Tourist gibt nach 49 Jahren gestohlenen Hofbräuhaus-Krug zurück – mit 20 Euro
Maximilian KrauseTourist gibt nach 49 Jahren gestohlenen Hofbräuhaus-Krug zurück – mit 20 Euro
Ein englischsprachiger Tourist hat einen Bierkrug zurückgegeben, den er vor fast 50 Jahren aus dem berühmten Münchner Hofbräuhaus mitgenommen hatte. Der langjährige Fan der Brauerei schickte den traditionellen Maßkrug zusammen mit 20 Euro zurück, um die Kosten nach all den Jahren zu begleichen.
Der Vorfall reicht bis ins Jahr 1976 zurück, als der Besucher den Krug nach einer feuchtfröhlichen Nacht an sich nahm. Erst am nächsten Morgen bemerkte er, dass dieser in seinem Hotelzimmer gelandet war. Jahrzehnte später beschloss er, Wiedergutmachung zu leisten, indem er den Krug zurückschickte und dafür bezahlte.
Das Hofbräuhaus erhält regelmäßig ähnliche Rücksendungen – etwa drei bis vier Briefe pro Jahr. Manche enthalten zurückgegebene Krüge, andere Geld als Entschädigung. Mittlerweile kontrolliert das Sicherheitspersonal die Taschen der Gäste am Eingang, um solche "versehentlichen" Entwendungen zu verhindern.

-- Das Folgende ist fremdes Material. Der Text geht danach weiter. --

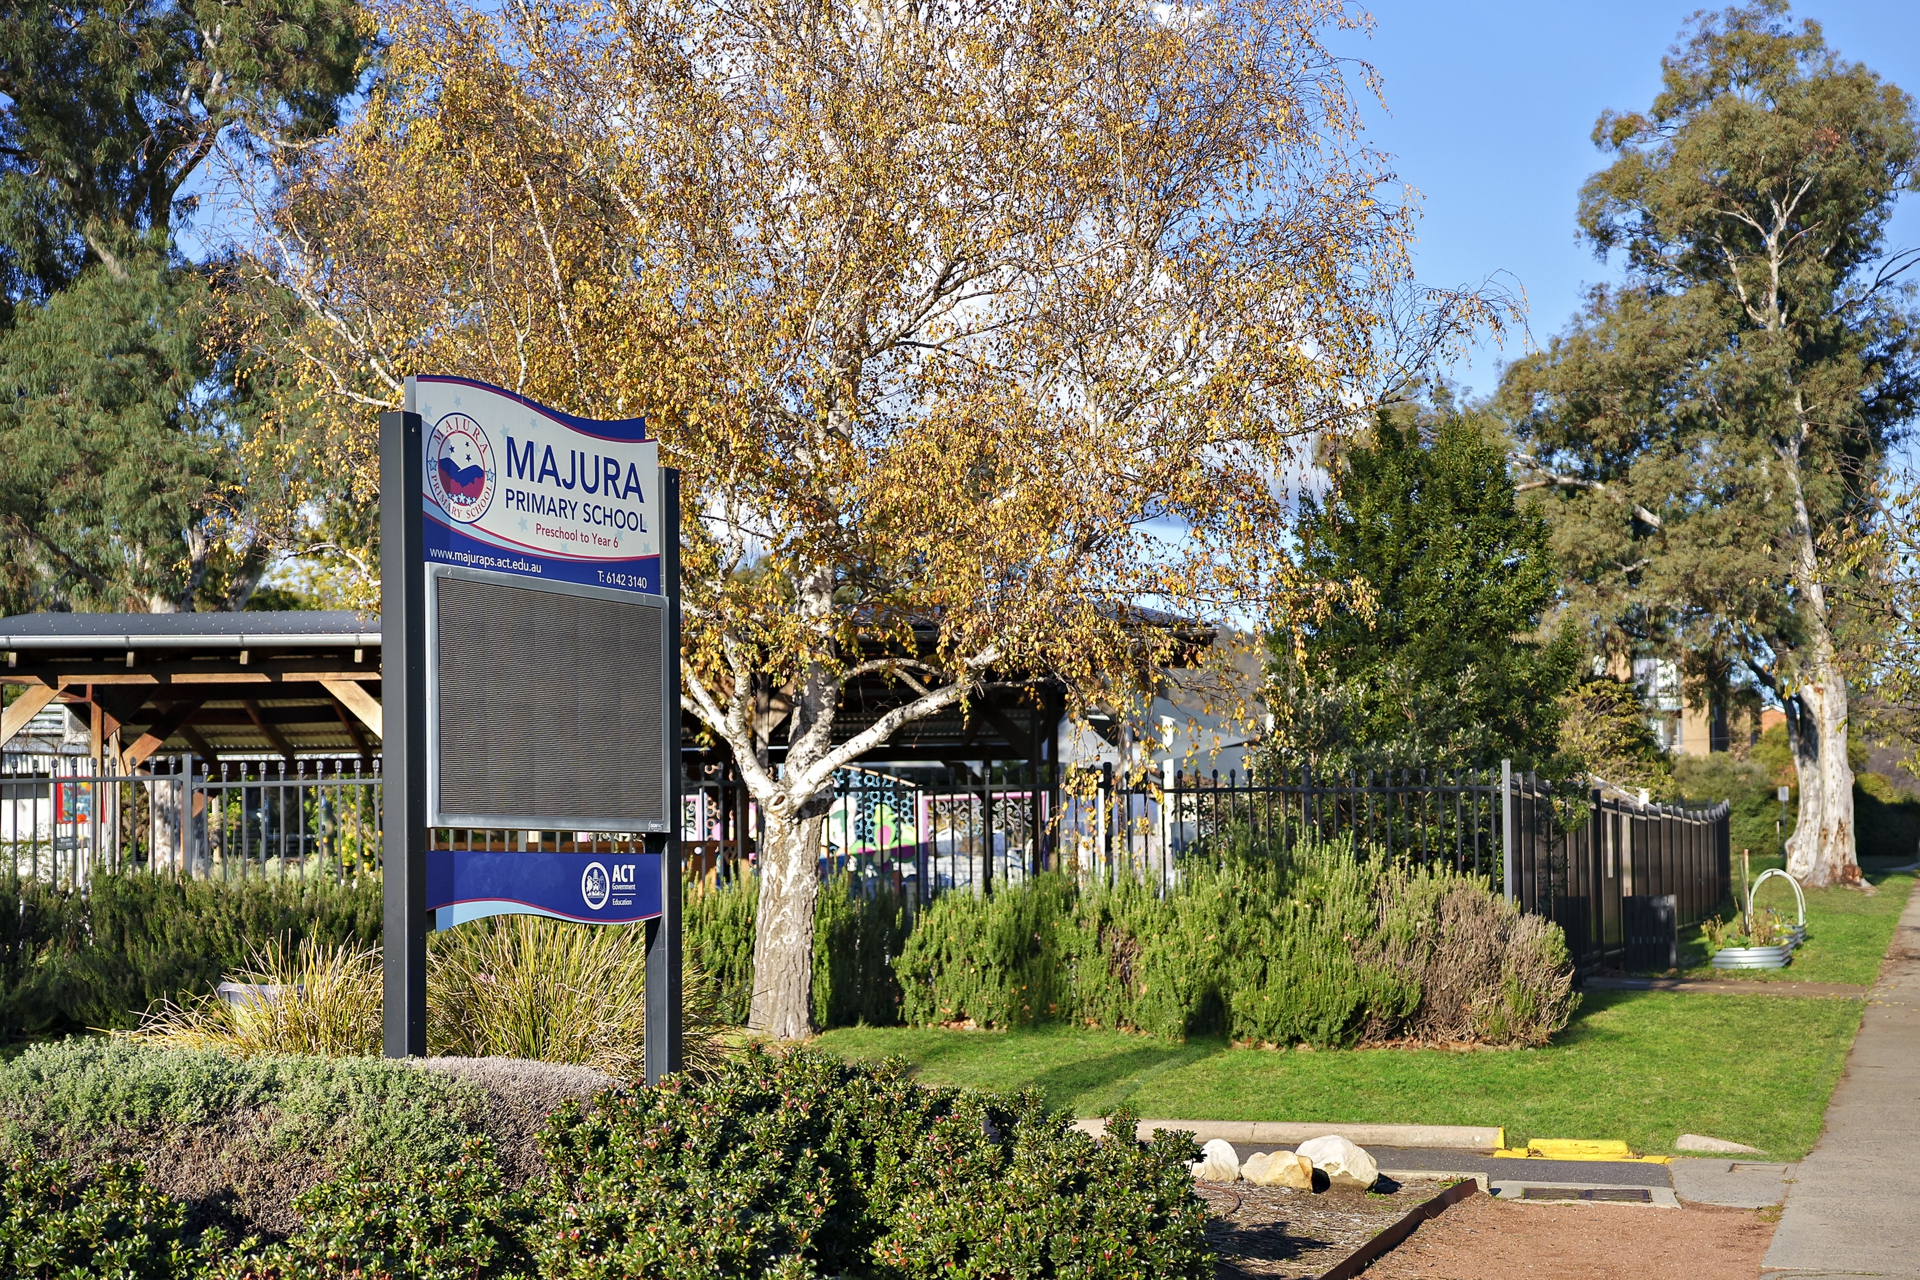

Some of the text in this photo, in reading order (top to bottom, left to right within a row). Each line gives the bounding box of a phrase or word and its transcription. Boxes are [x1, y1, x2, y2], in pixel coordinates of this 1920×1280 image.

Die 20 Euro des Touristen fließen in die Initiative Bunte Münchner Kindl, eine Hilfsorganisation für benachteiligte Kinder. Ein vergleichbarer Krug kostet heute im Online-Shop des Hofbräuhauses 19,95 Euro. Zwar führt die Brauerei keine Statistik über fehlende Krüge, doch solche Vorfälle sind keineswegs selten. 2020 gab eine Amerikanerin einen Krug an den Biergarten Platzl zurück – nach 55 Jahren in ihrem Besitz.
Der zurückgegebene Krug wird nun wieder Teil der Sammlung des Hofbräuhauses. Die Spende des Touristen kommt über den Bunten Münchner Kindl-Fonds bedürftigen Kindern in der Region zugute. Solche Geschichten zeigen, wie selbst kleine Ehrlichkeitsbeweise noch Jahrzehnte später Wirkung entfalten können.